BGMは「8分音符のグリッド」に音を並べた2曲——オーバーワールド(132 BPM、ハ長調の I–vi–IV–V)とケイブ(104 BPM、イ短調でもの悲しい)——がループします。それぞれ主旋律・ベース・和音の分散が重なります。ここで setInterval にそのまま頼るとリズムがブレるので、約30msごとに目を覚まし、約120ms先までの音をあらかじめ予約する「ルックアヘッド・スケジューラ」で、正確な時刻に鳴らします。ブラウザのタイマーのブレを、先読みで吸収する定番のテクニックです。

第15章

設計テーマと歴史書

約4,900行を貫くのは、この3つの考え方です。自分のプロジェクトにもそのまま持ち帰れます。

🎮 手ざわり駆動

可変ジャンプ・コヨーテ・バッファのように、「正しさ」より「気持ちよさ」を優先した小さな甘さを、数個の数字(PHYS)で集中管理。触り心地はコードで作れる。

✨ 実行時生成

溶岩・光・炎・火花・CRT・音は、画像や音声ファイルを持たず、時間と座標から生成。リポジトリを重くせず、パラメータで無段階に調整できる。

🚪 エリア積み替え

巨大な1枚マップを避け、エリアごとにデータをまるごと入れ替え。プールしたスプライトを片づけて詰め直すので、切り替えが軽くて破綻しない。

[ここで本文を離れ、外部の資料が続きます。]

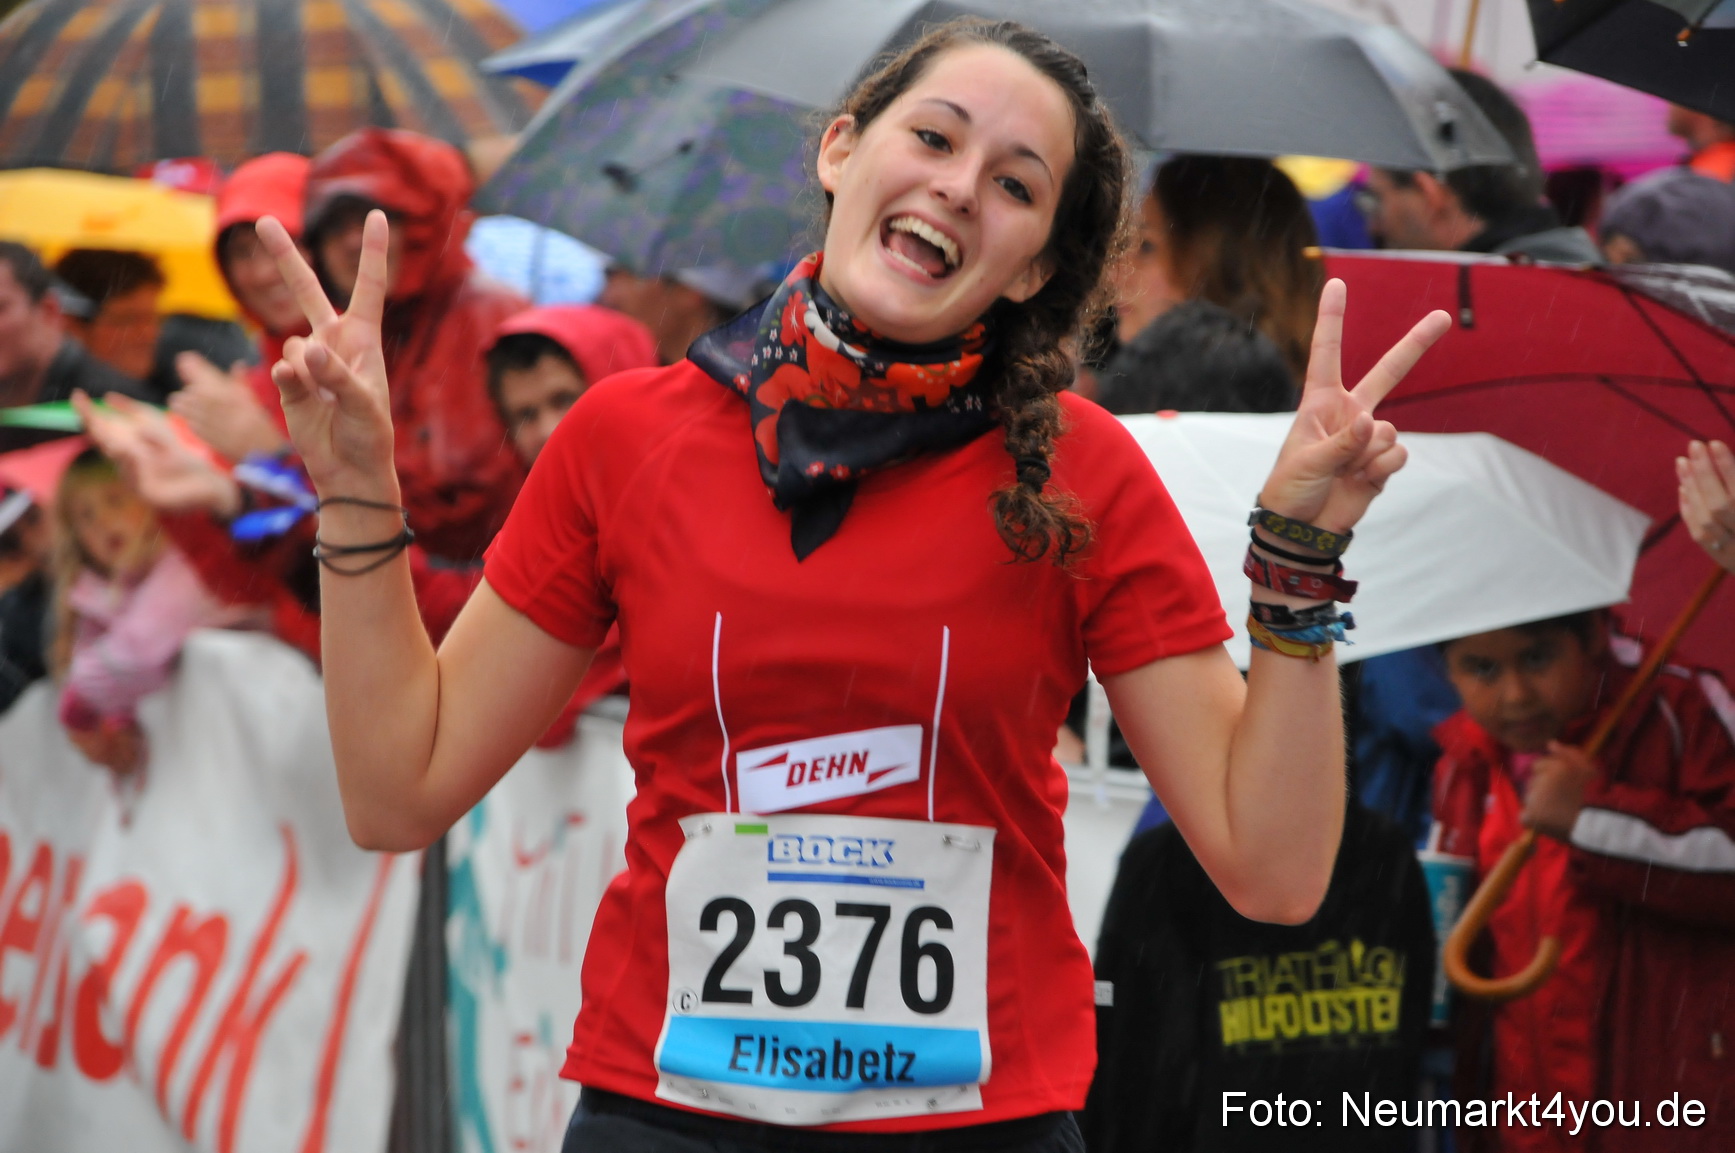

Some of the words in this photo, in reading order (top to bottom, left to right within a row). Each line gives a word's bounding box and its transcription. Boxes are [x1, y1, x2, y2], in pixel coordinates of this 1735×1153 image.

📝 improvements.md = このデモの「歴史書」

フォルダには improvements.md という開発日誌が同梱されています。「スターの無敵をどう“まばゆく”したか」「12枚のタイル巻き取りから手続き生成のパララックスへ」「土管ワープでエリアを分ける発想」「洞窟の明かりと溶岩」「初のオフスクリーン描画=CRT」——完成形だけでなく、試行錯誤の経緯ごと読めるのが、このサンプル最大の教材価値です。Minecraft デモのコード内コメントと同じ“歴史書”文化が、ここにも息づいています。

第16章

ファイル一覧(全18ファイル)

コードリーディングのおともに。行数は master ブランチのソース実測値です。game.ts だけで全体の約4割を占めます。

ファイル行数やくわり
エントリ/中枢
platformer.ts44エンジンを起こして game に委譲。エラー画面つきの薄い入口
game.ts2,211状態機械と毎フレームの司令塔。ゲームのルールはほぼここに集約
データ層
level.ts554文字の地図を3エリア分ぶんパースしてタイル・敵・地形に変換
entities.ts178敵・ブロック・弾・火花・スコアなど、全エンティティの型
frames.ts65物理定数 PHYS・TILE・スプライトのフレーム名・タイミング補助
constants.ts148寸法・敵の挙動・パーティクル数などの調整値とスター用シェーダ
システム層
physics.ts111軸分離のAABB衝突(moveAndCollide / overlaps)。一方通行の足場も
input.ts178キーボード+タッチ。押した瞬間の検出とフレーム消費
audio.ts323WebAudioで効果音とBGMを合成。ルックアヘッド・スケジューラ
hud.ts151スコア・コイン・時間・残機・ボスHP。DOMで実装(UI機能がないため)
描画・エフェクト層
atlas.ts163TexturePacker形式のスプライトシートをXMLごと読み込む
parallax.ts244空・雲・遠い丘・近い丘の4層背景。uvScrollで無限スクロール
crt.ts224ブラウン管シェーダ。走査線・色ずれ・樽ゆがみ(ヴィネット無し)
lava.ts92溶岩。時間とUVだけの手続きシェーダ
portal.ts80土管ワープとアイリス・ワイプの遷移演出
fire.ts91ファイアフラワーと火の玉のテクスチャを実行時生成
lantern.ts58洞窟の光だまりと松明の加算グロー
juice.ts49火花パーティクル用のきらめきテクスチャ生成

※ このほかに開発日誌 improvements.md が同梱されています(コードではありません/381行)。行数は master ブランチ(2026年時点)のソース実測値です。